Kapasite Artışında Sürdürülebilirlik Öncelikli Hedefimiz Olmalı
Türkiye Cumhuriyeti Merkez Bankası'nın (TCMB) açıkladığı verilere göre,2023 Ocak ayında 75,8 olan imalat sanayi kapasite kullanım oranı 0,8% artarak 2024 yılında 76,4 olarak gerçekleşti.
2023 yılı Ocak ayında 78,9 olan yüksek teknoloji imalat sanayi kapasite kullanım oranı 2024 yılı Ocak ayında %1,8 azalarak 77,5 oldu.
Kapasite kullanım oranlarındaki artışların, ekonomik genişlemenin ve artan sanayi üretiminin bir göstergesi olduğunu vurgulayan Demirtaş Organize Sanayi Bölgesi Sanayici ve İş İnsanları Derneği (DOSABSİAD) Başkanı Nilüfer Çevikel, “Üreticilerimiz kapasiteyi etkin kullanamamak, piyasada yeterli talep görememek, beklentileri net bir şekilde oluşturamamak gibi sebeplerden dolayı aşağı yönlü bir üretim performansı gösterebiliyor. Ancak son verilere baktığımızda, devreye alınan makroekonomik politikaların ve Orta Vadeli Programın ekonomimizde olumlu yönde bir seyir yaşandığını bizlere işaret ediyor. Sanayicilerin üretim kapasitelerini büyük oranda etkileyen maliyet artışlarına karşı alınacak tedbirler, kur dalgalanmalarının önüne geçilmesi ve kredi olanaklarının iyileştirilmesi gibi adımlarla ihracat hedeflerimizin ve üretim iştahımızın daha da artacağına olan inancımız tamdır” diye konuştu.

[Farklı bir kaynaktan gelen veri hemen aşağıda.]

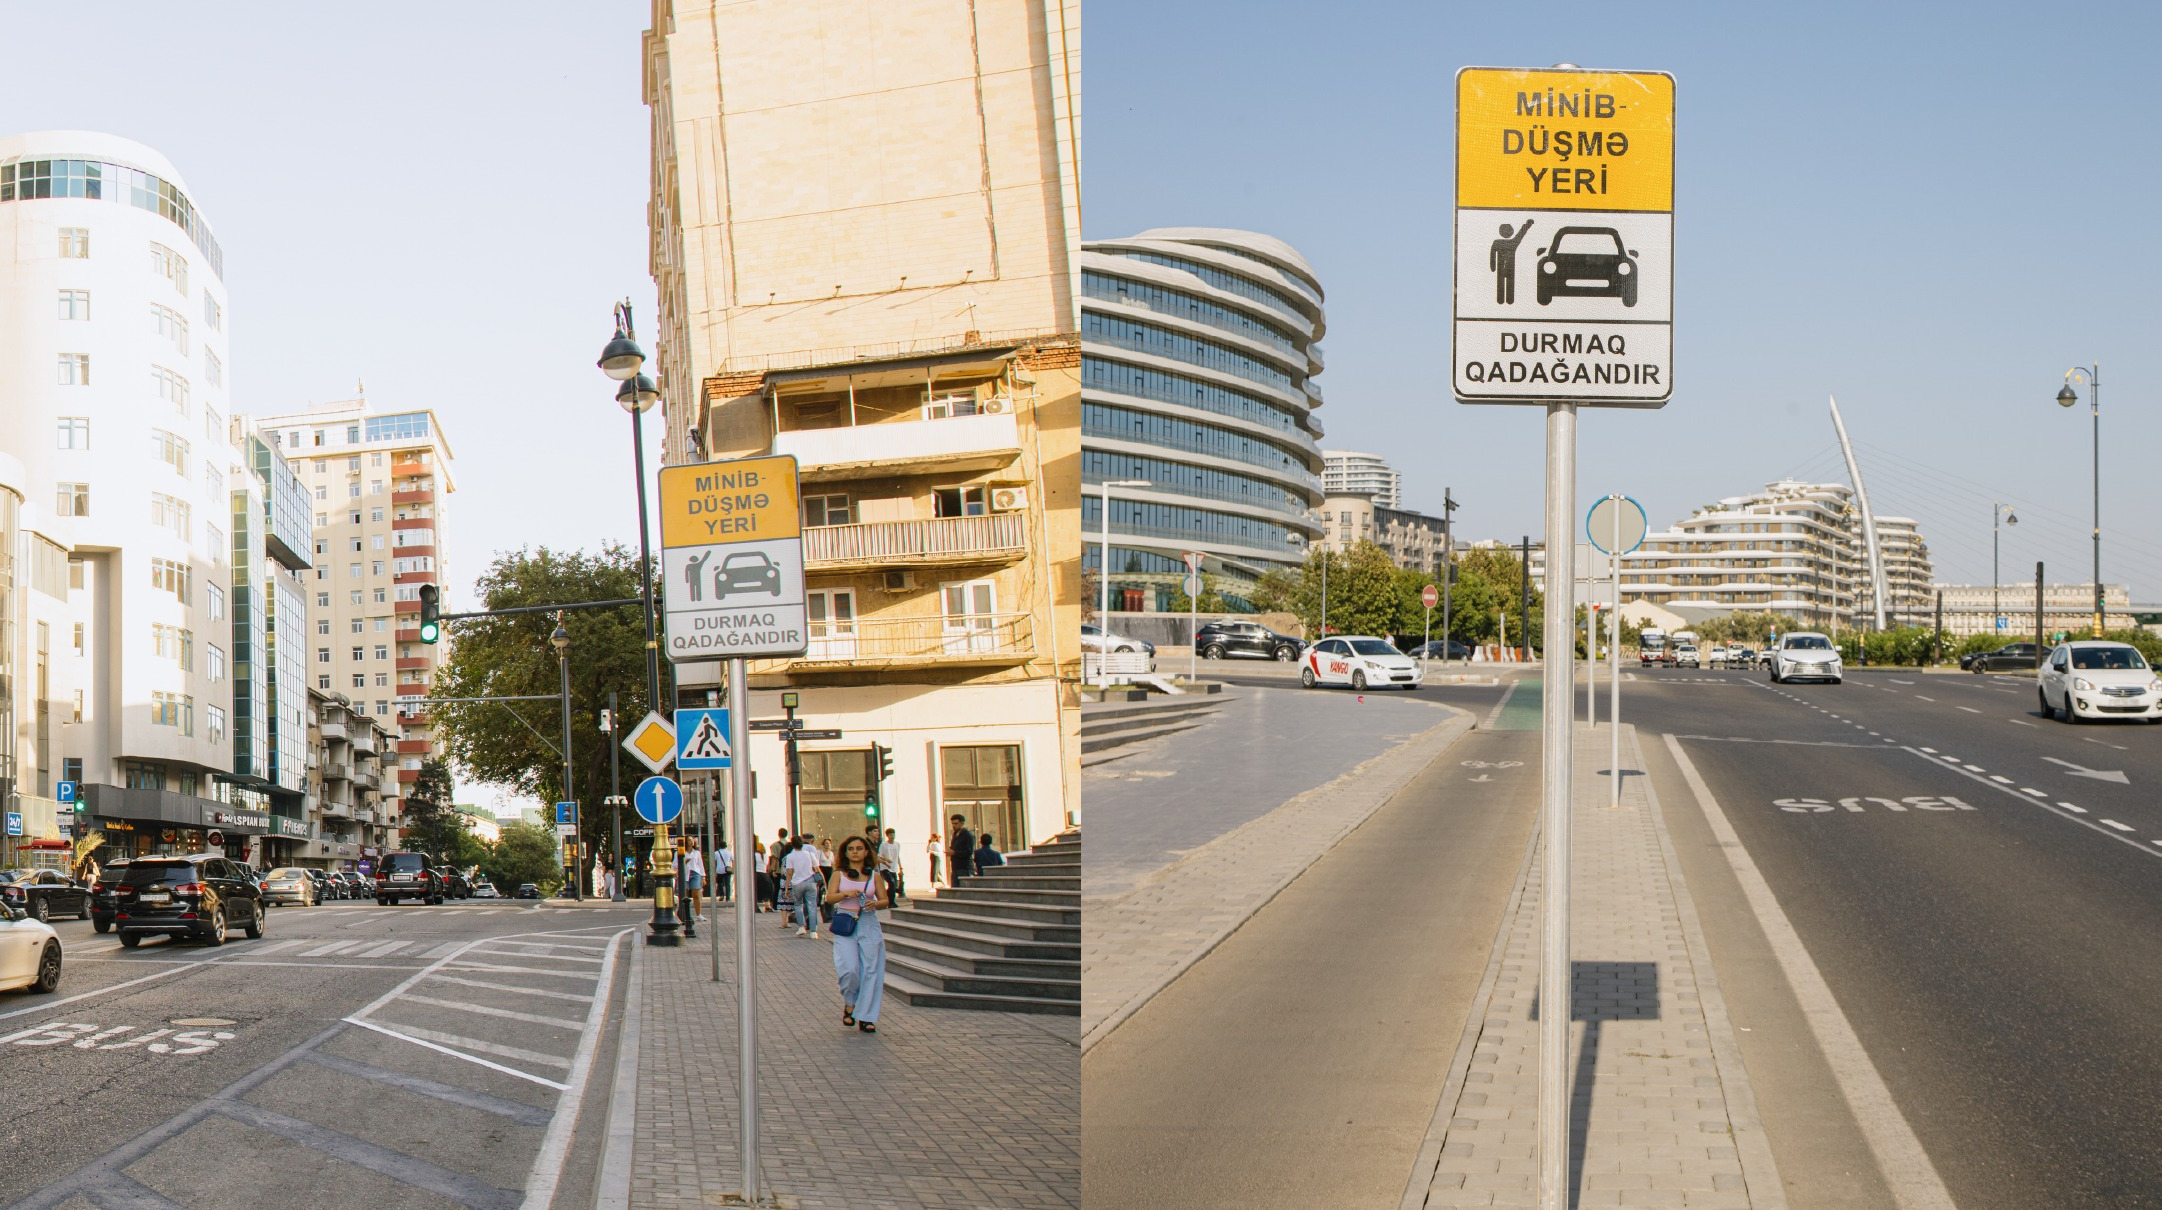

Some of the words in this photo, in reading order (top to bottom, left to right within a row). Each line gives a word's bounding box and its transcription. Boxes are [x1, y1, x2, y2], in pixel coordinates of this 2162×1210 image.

[1516, 87, 1627, 119] MİNİB-
[1502, 124, 1629, 162] DÜŞMƏ
[1526, 163, 1607, 194] YERİ
[1501, 332, 1626, 356] DURMAQ
[1465, 358, 1661, 385] QADAĞANDIR
[695, 470, 767, 493] MİNİB-
[688, 493, 770, 515] DÜŞMƏ
[704, 513, 757, 535] YERİ
[694, 613, 776, 630] DURMAQ
[673, 629, 800, 649] QADAĞANDIR
[1330, 661, 1349, 674] YANGO
[61, 783, 72, 800] P
[1772, 796, 1978, 813] BUS
[9, 816, 21, 828] 24/7
[233, 815, 258, 827] ASPIAN
[283, 820, 308, 836] FRIENDS
[0, 1022, 236, 1054] BUS

“KÜRESEL ZORLUKLARA KARŞI İHRACATÇILARIMIZ DAHA FAZLA DESTEKLENMELİ"
DOSABSİAD Başkanı Nilüfer Çevikel, Kızıldeniz’de artan güvenlik endişeleri nedeniyle denizyolu taşımacılığındaki rota değişikliğinin ihracata olan olumsuz etkisi ve Rusya ile ödemeler noktasında yaşanan sorunlarla ilgili de değerlendirmede bulundu. Süveyş Kanalı’nın Asya ve Orta Doğu'dan Avrupa'ya emtia ve enerji başta olmak üzere Avrupa sanayisine girdi sağlayan ürünlerin taşınması için önemli bir rota olduğunu belirten Başkan Çevikel, “Küresel ticaretin yüzde 12’si Kızıldeniz üzerinden gerçekleşiyor. Yıllık yaklaşık 1 trilyon dolar değerindeki ticari ürün de bu noktadan geçiyor. Her gün 50’den fazla gemi Süveyş Kanalı’ndan geçerek, milyarlarca dolarlık malı Kuzey Avrupa, Akdeniz ve Kuzey Amerika’nın doğu kıyılarına taşıyor. Dünyanın en önemli su yolunda yaşanan krizin Türkiye’yi etkilememesi düşünülemez. Yine aynı şekilde Rusya ve ihracatçılarımız arasında yaşanan ödeme sıkıntılarının siyasi olduğunu düşünürsek önümüzdeki dönemlerde bu problemlerin de ikili diyaloglarla düzeleceğine inanıyoruz. Türk üreticisi için önemli olan üretimi arttırmak ve sürdürülebilir ihracat hedeflerine odaklanmak olmalıdır” dedi.